The co-founder of FreedomOhio, Ian James, announced on December 19 that their campaign to collect enough signatures to put the legalization of marriage equality on the ballot for 2014 has surpassed its goal.
At a news conference, James said that they had exceeded their goal of 385,247 signatures—the minimum required—to put the issue on the state ballot. A second requirement, gathering signatures from 44 of the 88 counties in Ohio, has also been met.
James declined to state exactly how many signatures FreedomOhio has been able to collect, but said that they were working to get a full one million signatures by early July, the deadline to file for a ballot referendum in November.
The advocacy group also released the results of a poll they had sponsored; it shows that marriage equality remains a polarizing issue, with support for it “equally split 47/48. However, because of the specificity of the amendment that allows houses of worship to have the right to refuse to marry a same sex couple, the overall support grows to 56% and opposition drops to 34%.
“This level of support is made possible because 40% of Ohio’s GOP voters support the amendment.”
The poll, held from December 6 to 8, surveyed 1,011 registered voters in the state.
The poll’s memorandum points out that the public’s views on LGBT rights have drastically changed in recent years, and continue to shift in favor of equality; in 2004, Ohio voters approved Issue One, 62% to 38%, which amended the state constitution to ban legal recognition of same-sex couples. Only eight years later, in September 2012, a poll by the Washington Post found that 52% of Ohio residents were in favor of legalizing marriage equality, while only 37% were opposed.
Even surveys taken only months apart are showing the rapid change in society: “In April 2013, a Quinnipiac University poll found that 48% of Ohioans supported same-sex marriage and 44% oppose.

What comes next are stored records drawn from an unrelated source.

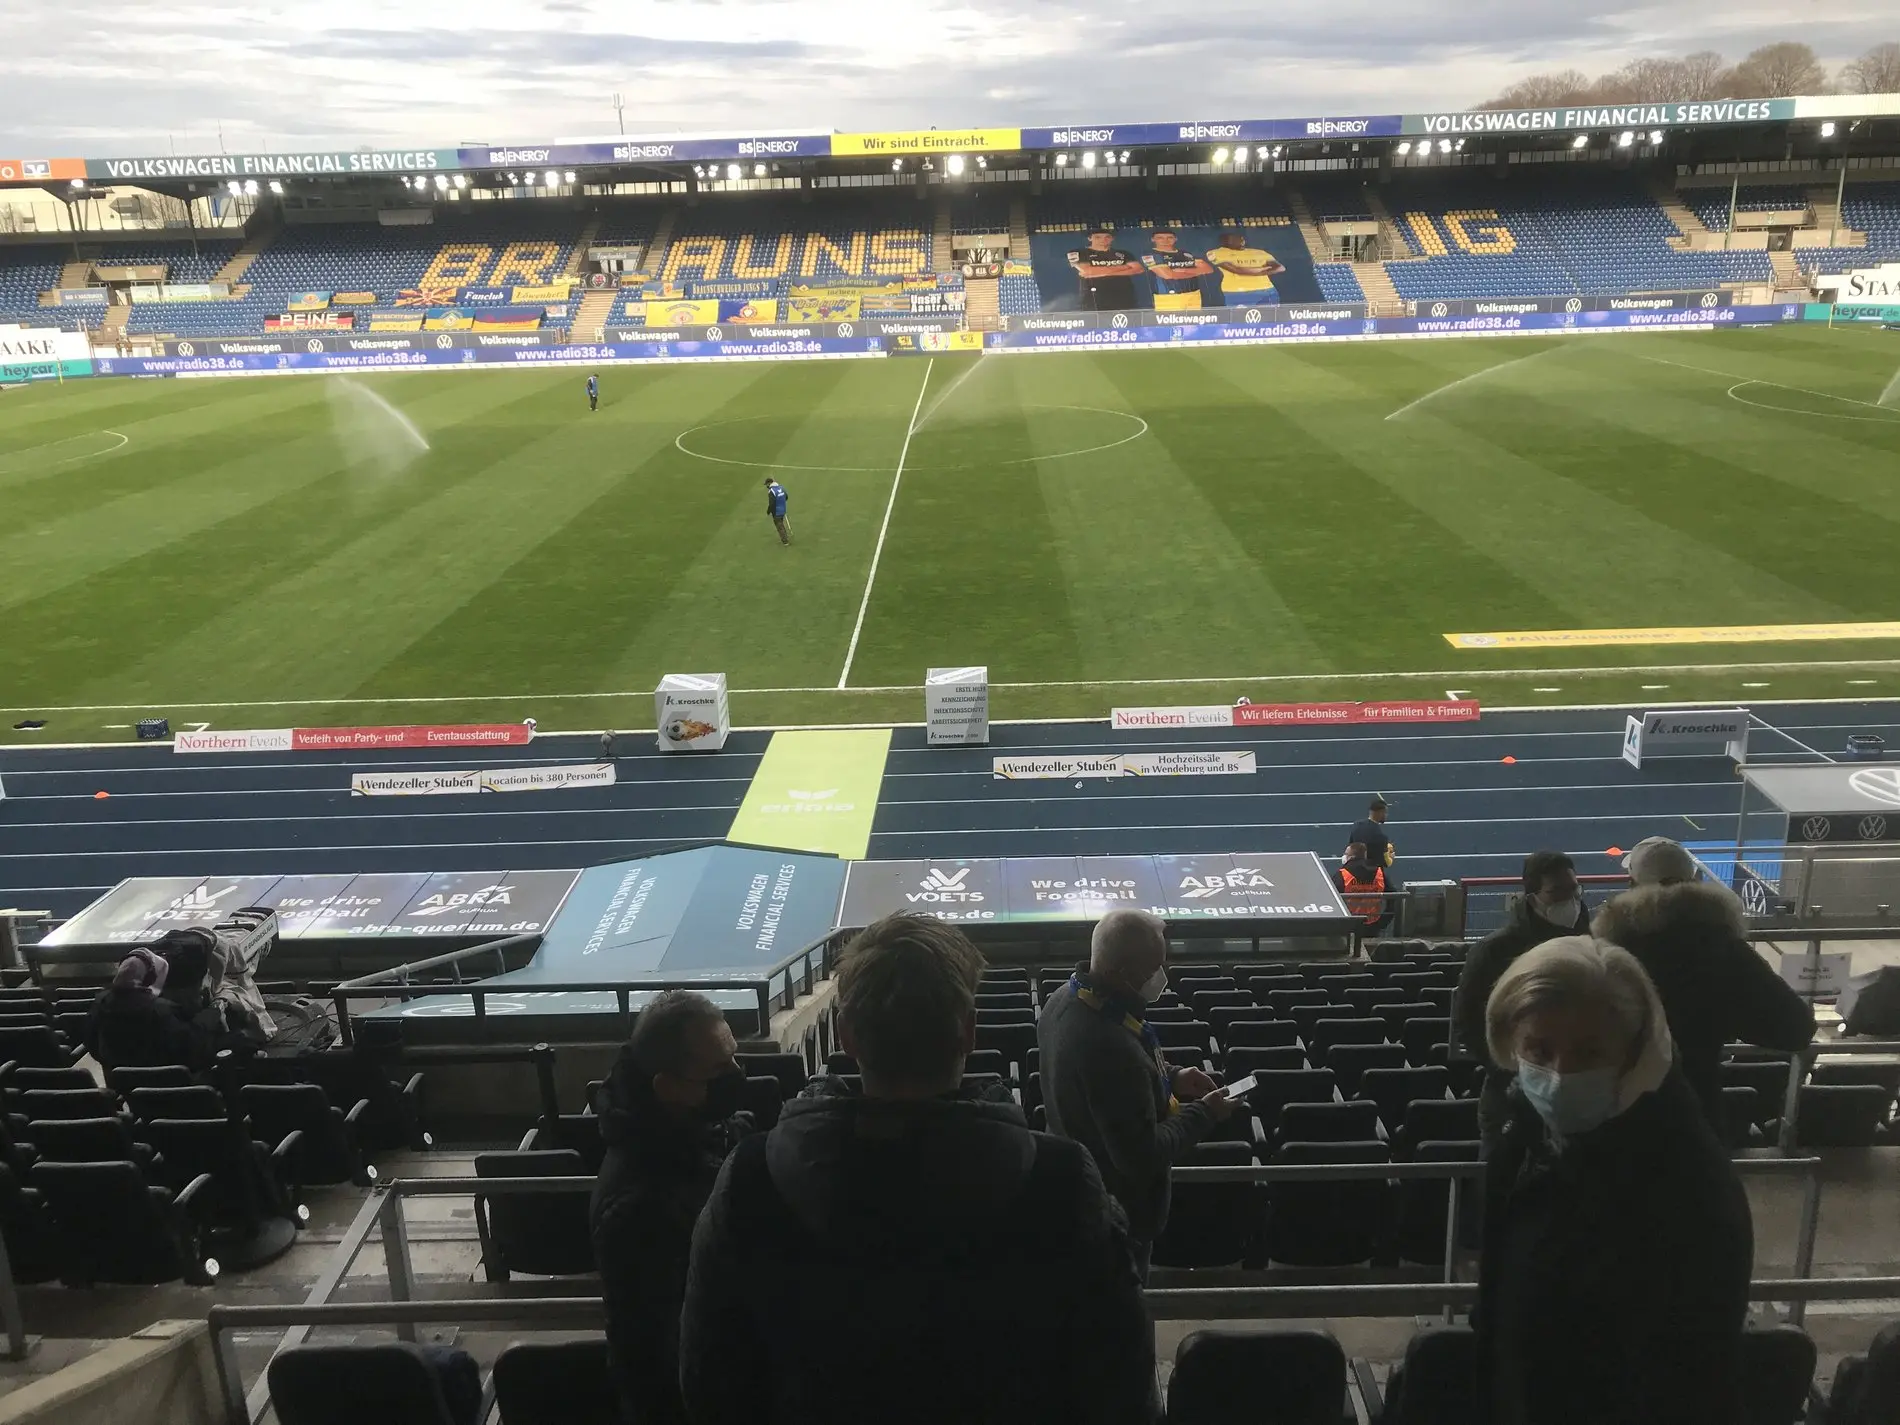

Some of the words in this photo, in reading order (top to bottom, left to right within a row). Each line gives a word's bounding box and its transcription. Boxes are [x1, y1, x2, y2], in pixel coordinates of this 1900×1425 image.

[1423, 111, 1556, 132] VOLKSWAGEN
[1564, 106, 1670, 127] FINANCIAL
[1676, 101, 1771, 122] SERVICES
[863, 137, 886, 149] Wir
[891, 136, 918, 148] sind
[924, 135, 988, 147] Eintracht.
[106, 157, 236, 177] VOLKSWAGEN
[243, 154, 344, 173] FINANCIAL
[350, 151, 437, 170] SERVICES
[465, 291, 504, 300] Fanclub
[911, 294, 941, 304] Unser
[1476, 302, 1537, 314] Volkswagen
[1611, 299, 1673, 310] Volkswagen
[280, 313, 338, 326] PEINE
[1156, 314, 1217, 325] Volkswagen
[1290, 309, 1351, 320] Volkswagen
[1630, 309, 1735, 324] www.radio38.de
[881, 323, 941, 335] Volkswagen
[1024, 318, 1084, 330] Volkswagen
[1418, 317, 1520, 331] www.radio38.de
[619, 331, 680, 342] Volkswagen
[750, 327, 810, 338] Volkswagen
[1036, 330, 1137, 344] www.radio38.de
[1224, 324, 1326, 338] www.radio38.de
[350, 339, 410, 350] Volkswagen
[479, 335, 540, 346] Volkswagen
[721, 340, 822, 354] www.radio38.de
[220, 343, 281, 354] Volkswagen
[515, 346, 616, 360] www.radio38.de
[143, 357, 244, 370] www.radio38.de
[327, 353, 427, 366] www.radio38.de
[1116, 711, 1185, 726] Northern
[1188, 709, 1228, 723] Events
[1241, 709, 1260, 720] Wir
[1262, 708, 1294, 720] liefern
[1297, 707, 1348, 719] Erlebnisse
[1364, 706, 1379, 717] für
[1381, 705, 1424, 717] Familien
[1426, 706, 1435, 716] &
[1438, 705, 1473, 716] Firmen
[179, 736, 246, 749] Northern
[250, 734, 288, 747] Events
[299, 734, 331, 744] Verleih
[334, 735, 351, 743] von
[354, 733, 382, 744] Party-
[385, 732, 404, 742] und
[427, 731, 510, 742] Eventausstattung
[1158, 753, 1221, 765] Hochzeitssäle
[1002, 762, 1074, 773] Wendezeller
[1076, 760, 1117, 772] Stuben
[1141, 765, 1150, 774] in
[1152, 764, 1204, 776] Wendeburg
[1206, 763, 1224, 773] und
[1227, 763, 1239, 772] BS
[360, 778, 431, 790] Wendezeller
[433, 777, 473, 788] Stuben
[488, 775, 528, 786] Location
[530, 774, 544, 784] bis
[546, 773, 563, 783] 380
[566, 771, 607, 781] Personen
[1031, 879, 1066, 889] We
[1074, 877, 1136, 888] drive
[1180, 873, 1276, 889] ABRA
[606, 868, 641, 911] FINANCIAL
[1036, 889, 1137, 900] Football
[279, 897, 314, 907] We
[320, 895, 382, 906] drive
[418, 891, 511, 906] ABRA
[736, 873, 769, 930] VOLKSWAGEN
[905, 891, 985, 903] VOETS
[615, 877, 657, 935] VOLKSWAGEN
[756, 903, 784, 950] FINANCIAL
[772, 864, 796, 901] SERVICES
[144, 909, 223, 921] VOETS
[348, 920, 540, 935] abra-querum.de
[583, 911, 617, 955] SERVICES
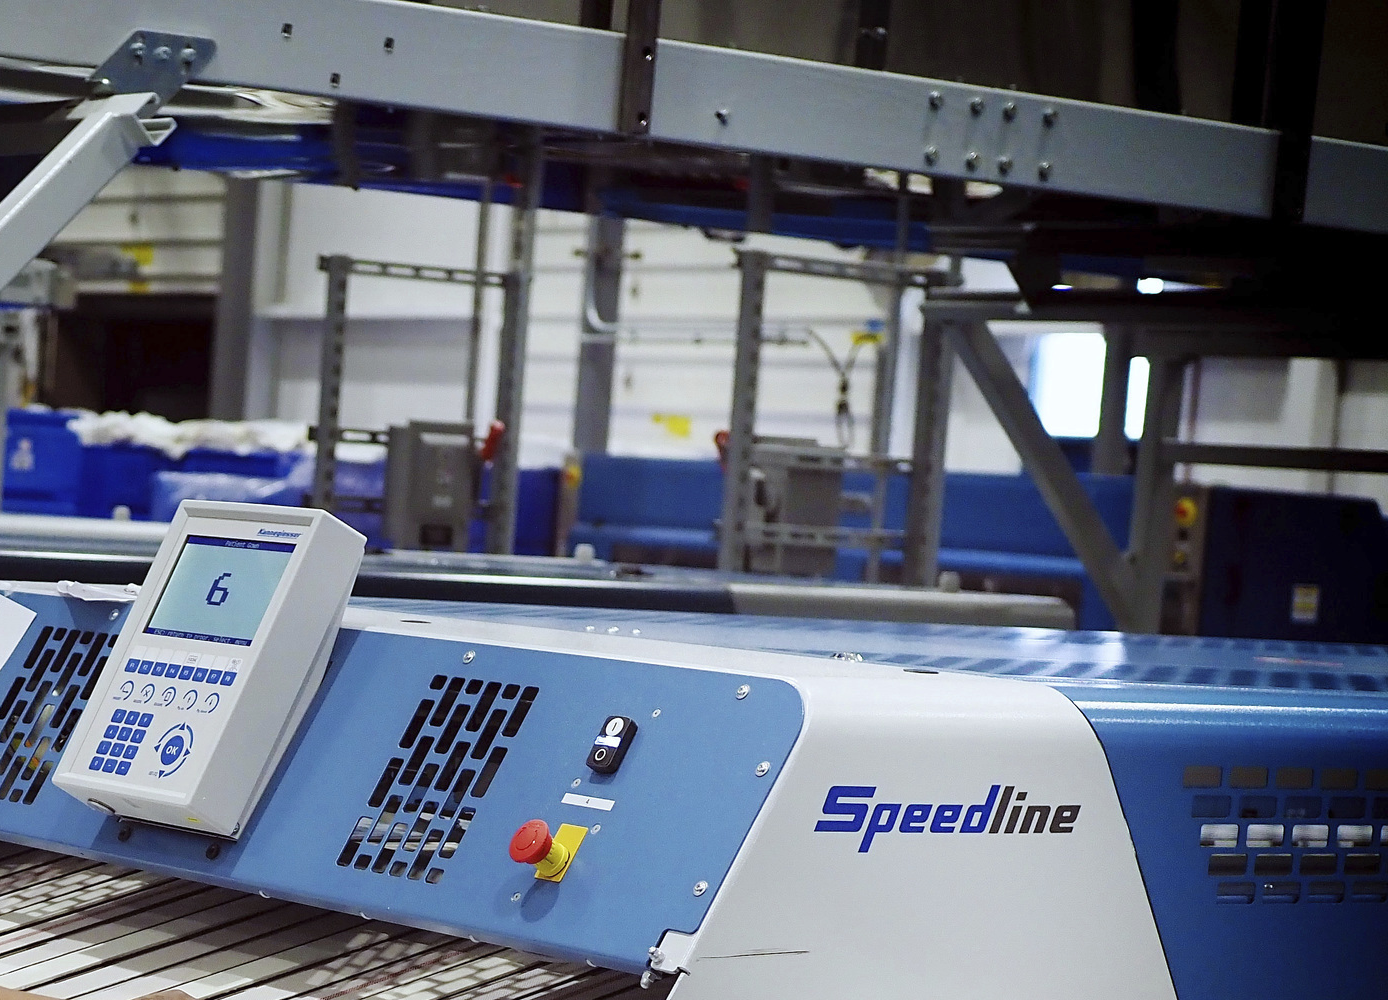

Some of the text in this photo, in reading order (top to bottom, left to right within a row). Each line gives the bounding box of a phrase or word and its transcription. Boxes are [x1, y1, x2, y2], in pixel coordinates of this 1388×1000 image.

[205, 572, 232, 606] 6
[165, 745, 179, 756] OK
[814, 784, 1081, 853] Speedline

This was a change from six months earlier when 47% opposed same-sex marriage while 45% supported.”
The memorandum continues, “of those opposed to the amendment, 11% indicate they would vote in favor of the amendment when told it protects religious liberties by allowing any house of worship, such as a church or synagogue, to refuse to marry a same-sex couple.
“In this latter scenario where voters have the Amendment language and the ‘right to refuse’ language, support for the amendment grows to 56%, while opposition drops to 34%. The amendment language and ‘Right to Refuse’ moves voters across all demographic groups to support, and demonstrates the importance of specificity in amendment language versus concept.”
James suggested that a number of factors contributed to Ohio’s overall change of heart, including the many legal victories of the last eight years and increased visibility; another interesting statistic the poll uncovered was that 85 percent of respondents know someone who is LGBT.
He said that the poll makes it clear: “Ohio is ready for marriage equality.”